«Дни моей жизни» и другие воспоминания | страница 5



С этого времени я начинаю лучше себя помнить. Я страшно скучала без книг и за неимением других таскала учебники у жившего у нас студента-путейца и потихоньку читала их. Разумеется, я ничего не понимала, но захватывающим был самый процесс чтения. Помню заглавие одной книги — и, конечно, кроме заглавия ничего не помню: «Гипотезы Кекуле». Я произносила это с ударением на третьем слоге, и «Гипотезы Кекуле» представлялись мне маленькими прыгающими существами, крошечными кикиморами из моего сказочного мира. Думал ли почтенный химик, что его научные гипотезы примут такую странную форму?

Через год мне позволили читать, начали понемногу и учить писать — и тут только жизнь приобрела для меня несомненный смысл, которого я раньше не понимала. Оторвать меня от книжки было очень трудно. Да и играть мне, в сущности, было не с кем. Знакомых детей у меня было мало. Приводили ко мне маленькую девочку — дочь соседки: она садилась в угол, забирала все мои игрушки, прикрывала их юбочкой и, сверкая глазенками, шипящим шепотом твердила: «Мое! Мое!» Я с тоской смотрела на нее и рада была, когда ее уводили и игрушки возвращались на прежнее место.

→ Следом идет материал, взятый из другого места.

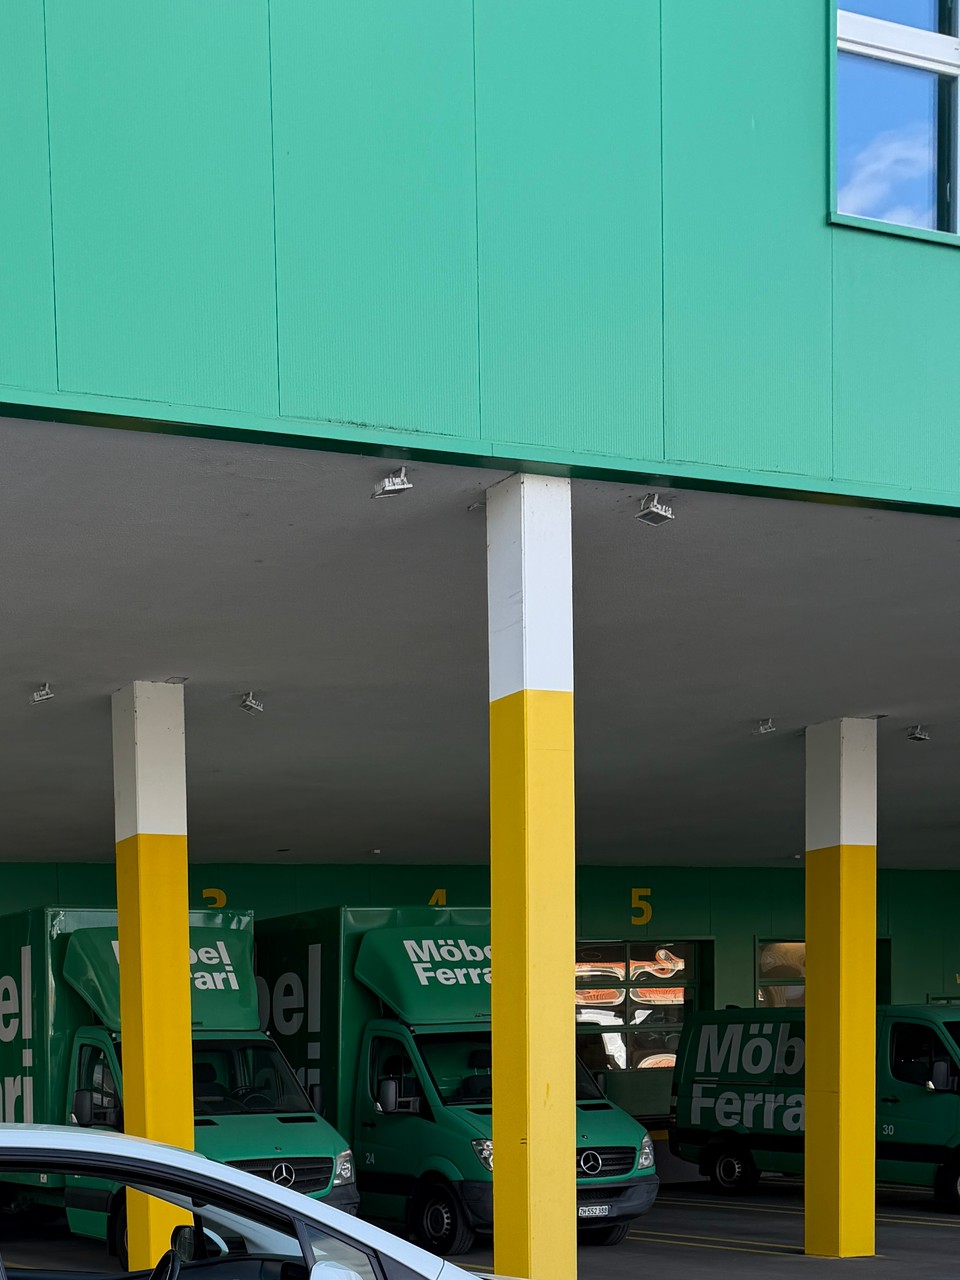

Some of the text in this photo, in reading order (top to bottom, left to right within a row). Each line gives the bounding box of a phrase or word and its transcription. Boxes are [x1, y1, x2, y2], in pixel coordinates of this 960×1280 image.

[631, 888, 653, 926] 5
[882, 1124, 895, 1136] 30
[365, 1152, 375, 1165] 24

Еще была семья папиных родственников, где было четверо детей, два мальчика и две девочки, одна моих лет — рыженькая Женя. Их отец был доктор, состоятельный человек. У девочек были белые шляпы со страусовыми перьями, они ездили летом за границу, по утрам им давали «кафе-о-лэ», после обеда «дессерт», и мне очень импонировали иностранные названия таких простых вещей, как кофе с молоком или орехи с изюмом, и сами вещи казались от этого интереснее. У их мамы была красная шелковая гостиная и золоченая мебель, так что даже можно было играть «во дворцы», и у них была немка-бонна. Зато им давали рыбий жир, а мне — нет. И зато я умела придумывать интересные игры, например «в сны», а они — нет. И балет я умела представлять лучше, чем Женя.

Балет мы знали: два раза в год, на Рождество и на Масленицу, их родители брали ложу на утренний спектакль, и туда отправлялись мамаши, дети, няньки, кухарка, кухаркина дочка, так человек девять-десять, с бутербродами, яблоками, бутылками молока и т. п. По возвращении опустошались тетины комоды, и в шарфах, в цветах я копировала Вазем или Горшенкову — тогдашних прима-балерин — в «Дочери Фараона», «Пахите», «Пакеретте» и прочих балетах.

В играх я была заправилой, и меня слушались все; даже старший мальчик — 12-летний гимназист — считался со мною. Но была одна вещь, которой Женя могла сделать со мной все, что угодно: чудная парижская кукла — тоже Нина, это имя было тогда в моде, — с настоящими косами, нарядная и прелестная, как принцесса. Я испытала к ней такую романтическую, запретную любовь, со всеми муками ревности и жажды обладания, какую, должно быть, испытывает женщина, любящая чужого мужа… Словами — «Я не дам тебе играть с Ниной» — Женя могла вить из меня веревки, и она знала это и злоупотребляла этим, сжимая свои тонкие бледные губки и посмеиваясь ехидно… О, Нина, фарфоровая красавица, сколько сокровищ любви я тебе отдала!